» Exercise directions: Copy out every record exactly.

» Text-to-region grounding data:
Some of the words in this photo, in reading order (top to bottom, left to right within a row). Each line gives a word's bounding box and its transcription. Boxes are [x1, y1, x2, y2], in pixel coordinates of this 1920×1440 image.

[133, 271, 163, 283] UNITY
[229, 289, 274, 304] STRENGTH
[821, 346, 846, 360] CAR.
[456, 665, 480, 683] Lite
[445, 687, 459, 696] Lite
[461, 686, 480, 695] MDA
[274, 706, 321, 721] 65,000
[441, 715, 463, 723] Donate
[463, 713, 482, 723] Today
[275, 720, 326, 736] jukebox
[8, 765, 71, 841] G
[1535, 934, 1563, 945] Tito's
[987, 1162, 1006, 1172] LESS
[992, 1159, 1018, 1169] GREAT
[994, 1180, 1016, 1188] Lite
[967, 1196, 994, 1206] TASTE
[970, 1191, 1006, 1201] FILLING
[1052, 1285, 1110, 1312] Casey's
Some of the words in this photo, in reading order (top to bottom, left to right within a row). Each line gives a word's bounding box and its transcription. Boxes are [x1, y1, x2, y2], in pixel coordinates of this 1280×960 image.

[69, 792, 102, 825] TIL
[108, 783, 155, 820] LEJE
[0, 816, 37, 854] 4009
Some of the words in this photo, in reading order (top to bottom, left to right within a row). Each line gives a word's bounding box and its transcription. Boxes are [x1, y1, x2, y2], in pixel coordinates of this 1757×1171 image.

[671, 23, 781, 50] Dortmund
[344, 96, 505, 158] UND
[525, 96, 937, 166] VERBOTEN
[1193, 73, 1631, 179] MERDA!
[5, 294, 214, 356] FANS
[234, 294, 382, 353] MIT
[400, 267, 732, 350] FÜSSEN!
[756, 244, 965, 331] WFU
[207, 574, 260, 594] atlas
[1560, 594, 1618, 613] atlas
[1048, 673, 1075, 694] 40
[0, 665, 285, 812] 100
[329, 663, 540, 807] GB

» Problem solution:
Some of the words in this photo, in reading order (top to bottom, left to right within a row). Each line gives a word's bounding box and its transcription. Boxes are [x1, y1, x2, y2], in pixel coordinates of this 1920×1440 image.

[133, 271, 163, 283] UNITY
[229, 289, 274, 304] STRENGTH
[821, 346, 846, 360] CAR.
[456, 665, 480, 683] Lite
[445, 687, 459, 696] Lite
[461, 686, 480, 695] MDA
[274, 706, 321, 721] 65,000
[441, 715, 463, 723] Donate
[463, 713, 482, 723] Today
[275, 720, 326, 736] jukebox
[8, 765, 71, 841] G
[1535, 934, 1563, 945] Tito's
[987, 1162, 1006, 1172] LESS
[992, 1159, 1018, 1169] GREAT
[994, 1180, 1016, 1188] Lite
[967, 1196, 994, 1206] TASTE
[970, 1191, 1006, 1201] FILLING
[1052, 1285, 1110, 1312] Casey's
Some of the words in this photo, in reading order (top to bottom, left to right within a row). Each line gives a word's bounding box and its transcription. Boxes are [x1, y1, x2, y2], in pixel coordinates of this 1280×960 image.

[69, 792, 102, 825] TIL
[108, 783, 155, 820] LEJE
[0, 816, 37, 854] 4009
Some of the words in this photo, in reading order (top to bottom, left to right within a row). Each line gives a word's bounding box and its transcription. Boxes are [x1, y1, x2, y2], in pixel coordinates of this 1757×1171 image.

[671, 23, 781, 50] Dortmund
[344, 96, 505, 158] UND
[525, 96, 937, 166] VERBOTEN
[1193, 73, 1631, 179] MERDA!
[5, 294, 214, 356] FANS
[234, 294, 382, 353] MIT
[400, 267, 732, 350] FÜSSEN!
[756, 244, 965, 331] WFU
[207, 574, 260, 594] atlas
[1560, 594, 1618, 613] atlas
[1048, 673, 1075, 694] 40
[0, 665, 285, 812] 100
[329, 663, 540, 807] GB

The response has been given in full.